America’s trademark game is in trouble. In most successful sports leagues, there is a strong positive correlation between league success and consumer engagement in their market. With Major League Baseball (MLB) revenue breaking records and reaching $10.7 billion league-wide in 2019, how can league popularity be declining? How can the average age of a baseball fan be 57 years, roughly 15 years higher than other major sports and increasing every year with dismal interest rates among young people? Has the MLB proved that an entertaining product on the field is not a part of their bottom line? In other words, is baseball dying?
Aside from the fact that even baseball greats like Sandy Koufax and Don Drysdale have stated on numerous occasions that the sport they love is hard to watch currently, the business of baseball has also been displaying some subtle but alarming warning signs.
A few telling reasons for such harsh criticism from both avid fans and critics alike are statistics that depict how a third of all at-bats ended in strikeouts, high-risk maneuvers like hit and run usage hovering around all-time lows, the pace of the game being horrifically slow and crowd hype being absent at live games due to increasing numbers of empty seats. In 2018, per game attendance dropped to its lowest point since 2003 and then 2019 followed it up with another 14% decrease. A big part of this decline in attendance and general fan engagement is the distribution of talent around the league which creates sparsely distributed pockets of baseball interest around the country at best. The lack of legitimate parity in the league, due to insufficient salary cap regulation, has killed competition, resulting in teams routinely losing more than 100 games in the season and driving away more potential fans in an already dwindling market. Teams who are not able to generate fan interest because of the lack of talent on their rosters are now looking for other revenue streams, namely corporate sponsorships, and it is working to the benefit of the league and the detriment of the players and fans.
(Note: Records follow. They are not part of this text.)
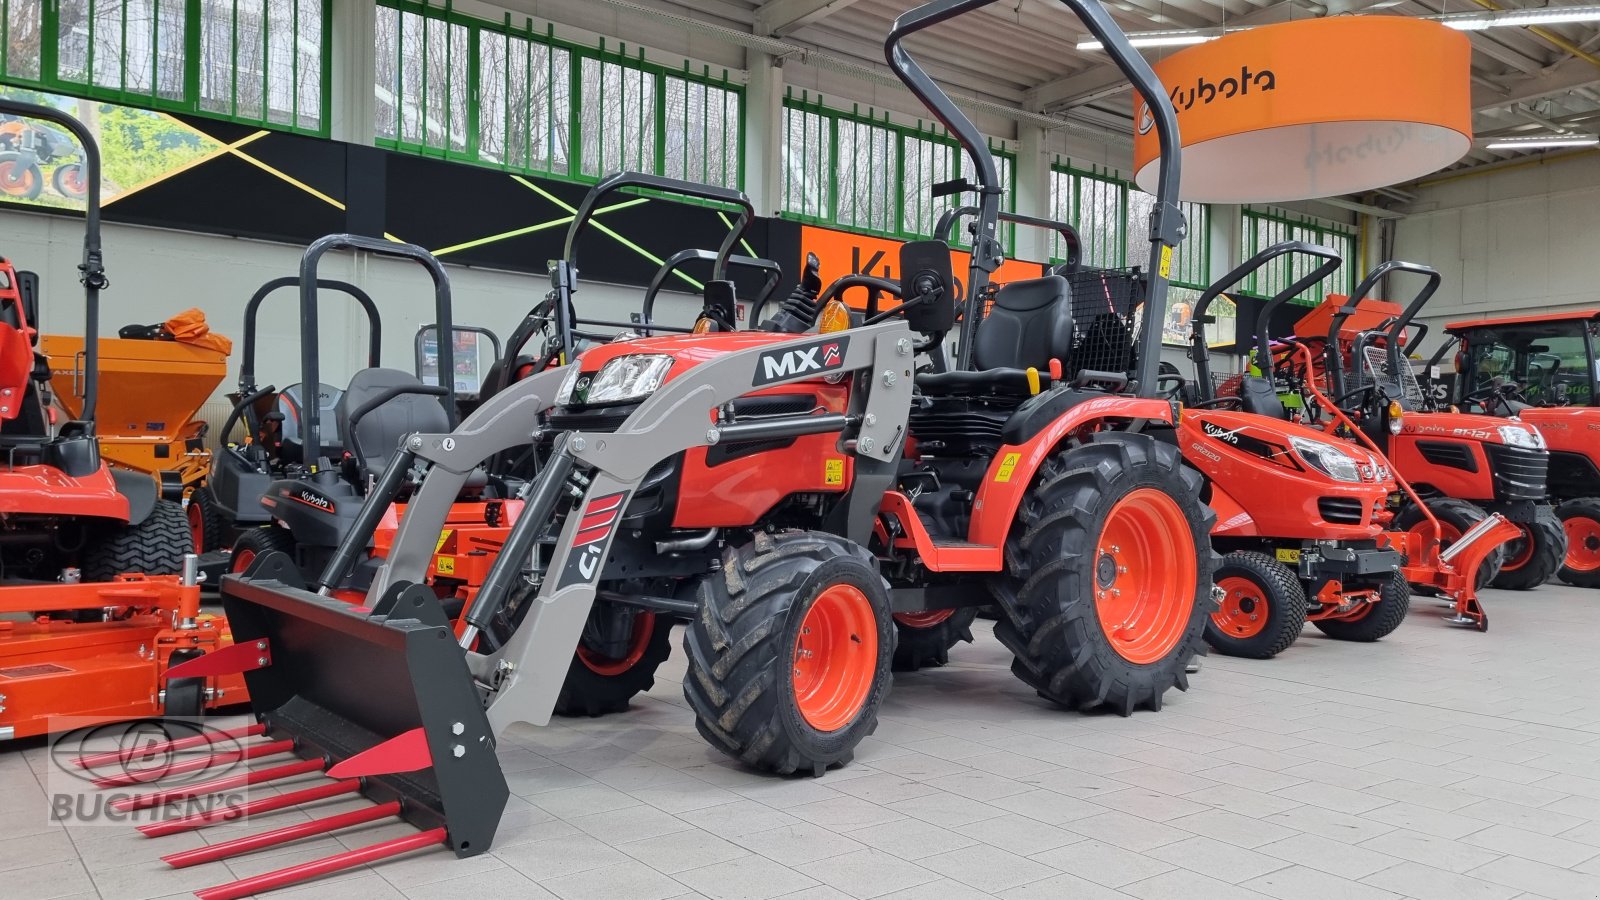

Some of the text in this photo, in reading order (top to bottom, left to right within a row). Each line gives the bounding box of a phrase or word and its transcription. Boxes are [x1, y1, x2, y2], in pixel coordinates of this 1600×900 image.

[763, 346, 821, 379] MX
[1204, 422, 1239, 445] Kubota
[1192, 443, 1222, 462] GR2120
[302, 490, 328, 508] Kubota
[579, 544, 602, 580] C1
A market is made up of buyers and sellers. In this case, the MLB is the seller, the fans are the buyers and the players make up the labor. The players benefit as a direct result of how much money they contribute to the cumulative MLB revenue pool. When the capital gains from non-baseball-related income streams supersede on the field baseball profitability, it directly limits bargaining power for the players themselves, reduces their salaries and subjects them to almost monopsony-like labor leverage. A monopsony is defined as a market situation where there is only one major employer. In this case, the MLB has access to the entire pool of labor. This limits the negotiating power of those in the labor market, resulting in fewer work benefits and sometimes reduced pay. Consequently, the MLB Players Association has said the average player salary has now dropped in back-to-back seasons and will only dive further with the novel coronavirus stalling attendance revenue altogether.
It is very difficult for unions such as the MLB Players Association to combat this disparity in league profits to benefit themselves because they are contributing less and less to the net income of the business. It is critical to understand that baseball players are highly specialized athletes that train their whole lives to get to the big leagues. They are not overly flexible in their marketable skill sets which further reduces their negotiating power when the excitement of their game is generating less revenue.
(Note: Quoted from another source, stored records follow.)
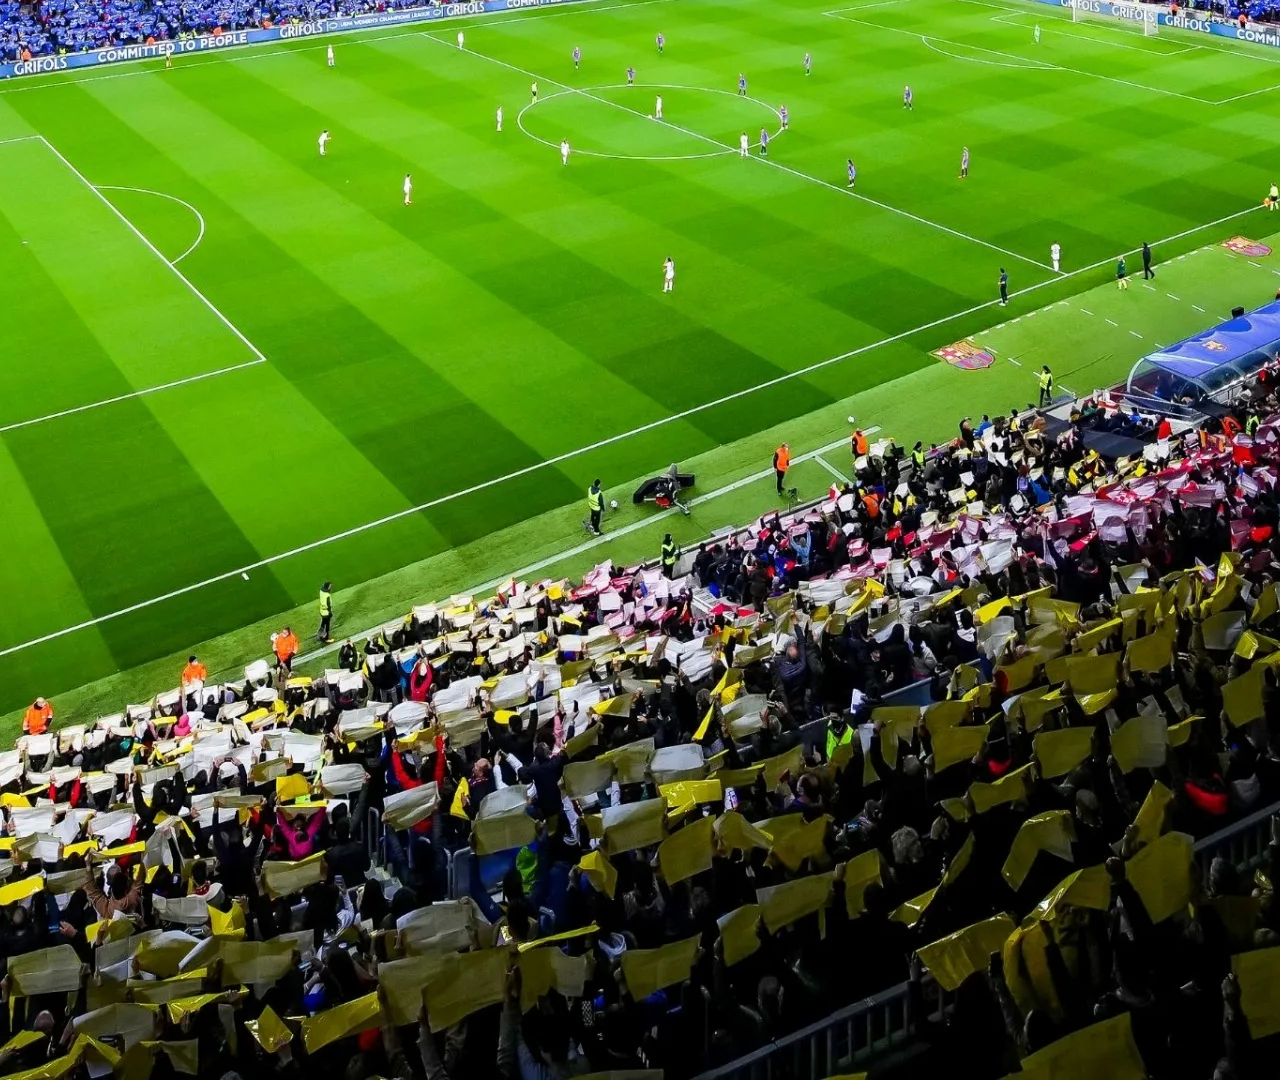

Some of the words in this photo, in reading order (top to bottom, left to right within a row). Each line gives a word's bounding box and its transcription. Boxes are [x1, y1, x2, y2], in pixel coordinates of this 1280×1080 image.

[447, 3, 485, 16] GRIFOLS
[280, 22, 323, 38] GRIFOLS
[1165, 15, 1211, 33] GRIFOLS
[98, 42, 176, 63] COMMITTED
[179, 39, 196, 52] TO
[200, 32, 248, 49] PEOPLE
[14, 57, 67, 76] GRIFOLS
The MLB makes boatloads of money from side deals such as from “selling BamTech for a massive windfall, partnering with casinos, Korean conglomerates and various other corporate partners.” These sponsorships, television media and supplemental business engagements currently make up over 70% of net revenue.
This statistic begets an important question: Why would foreign companies take such an interest in the MLB over more popular American sports?
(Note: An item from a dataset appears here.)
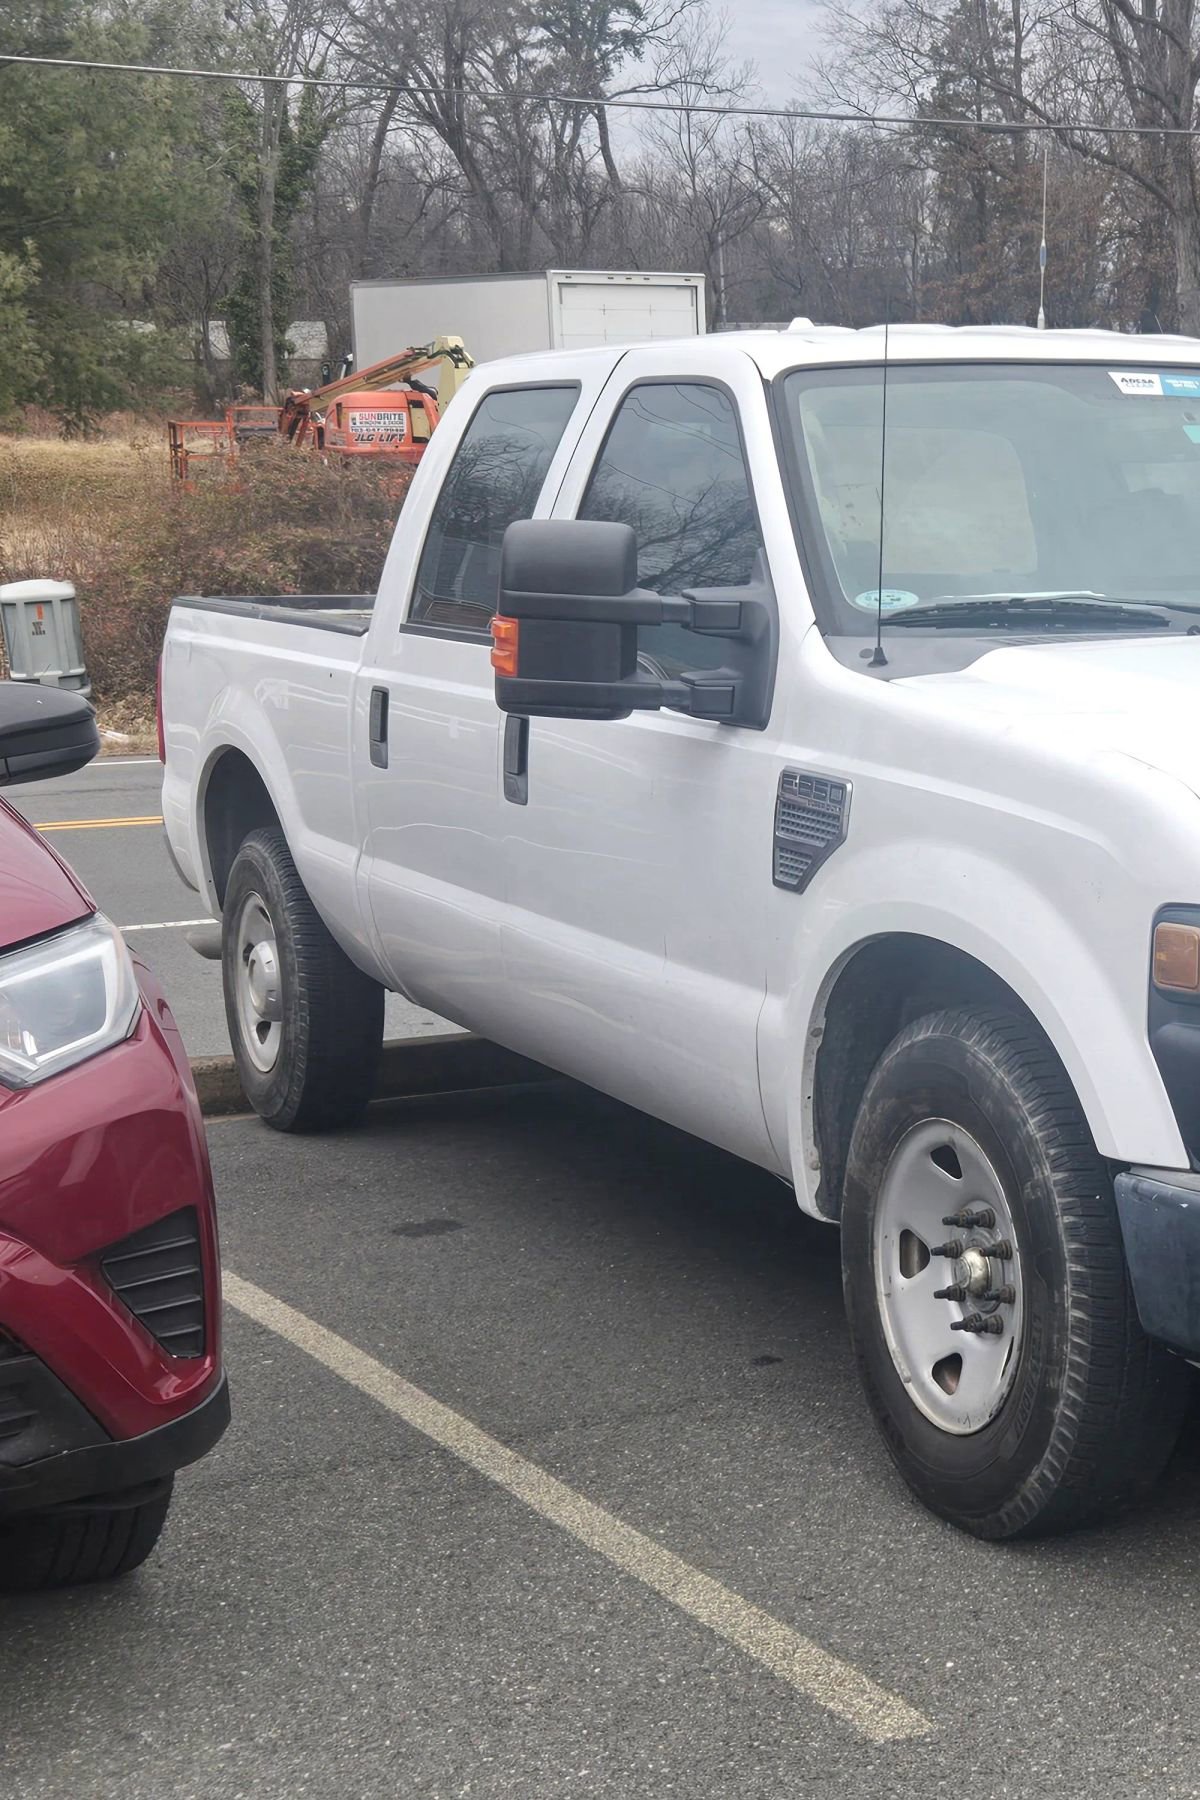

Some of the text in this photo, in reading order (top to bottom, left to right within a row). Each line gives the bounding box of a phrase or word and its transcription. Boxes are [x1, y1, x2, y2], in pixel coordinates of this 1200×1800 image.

[359, 413, 404, 421] SUNBRITE
[355, 433, 405, 442] JLG LIFT
The heavy reliance of the MLB on corporate endorsement makes the league a perfect gateway for foreign corporate entities to access the American consumer market. The league divides this money into a central fund revenue that helps compensate for unsuccessful franchises and prevents franchise values from plummeting. Forbes estimates that about $2.76 billion was reallocated around the league as part of this revenue sharing plan in 2018. It is critical for the league to protect franchise net values because this serves as a key metric in enticing more corporate investment, especially those from foreign nations.
With the NBA experiencing difficulty in foreign relations, the NFL not gaining footing abroad and American soccer not even being in the same stratosphere of other leagues, baseball has seized a financial opportunity through the scope, not magnitude, of its following. Baseball, even with its declining popularity, is more global of a sport than people realize, but this opportunity seems to only be benefiting the owners in the present.
As the business model of the MLB continues to incentivize investing in creating more corporate connections rather than prioritizing the quality of baseball on the diamond, fans become the biggest losers. Coca-Cola canceling its sponsorship with the MLB for the 2020 season is simply a grim microcosm of what is to come if the power players in baseball don’t get back to catering to the fans that drive the industry forward. Once fans stop tuning in, the economic system of baseball collapses. Fan engagement is the bottleneck in the MLB owner’s game, but it is doubtful they really care about preserving baseball for generations. For example, Jeff Loria, former owner of the Washington Nationals and Miami Marlins, nearly tanked both organizations financially while maintaining his own golden parachute. These teams are merely short-term investments to cash in on for the owners, but what does that mean for baseball, its culture and its fans?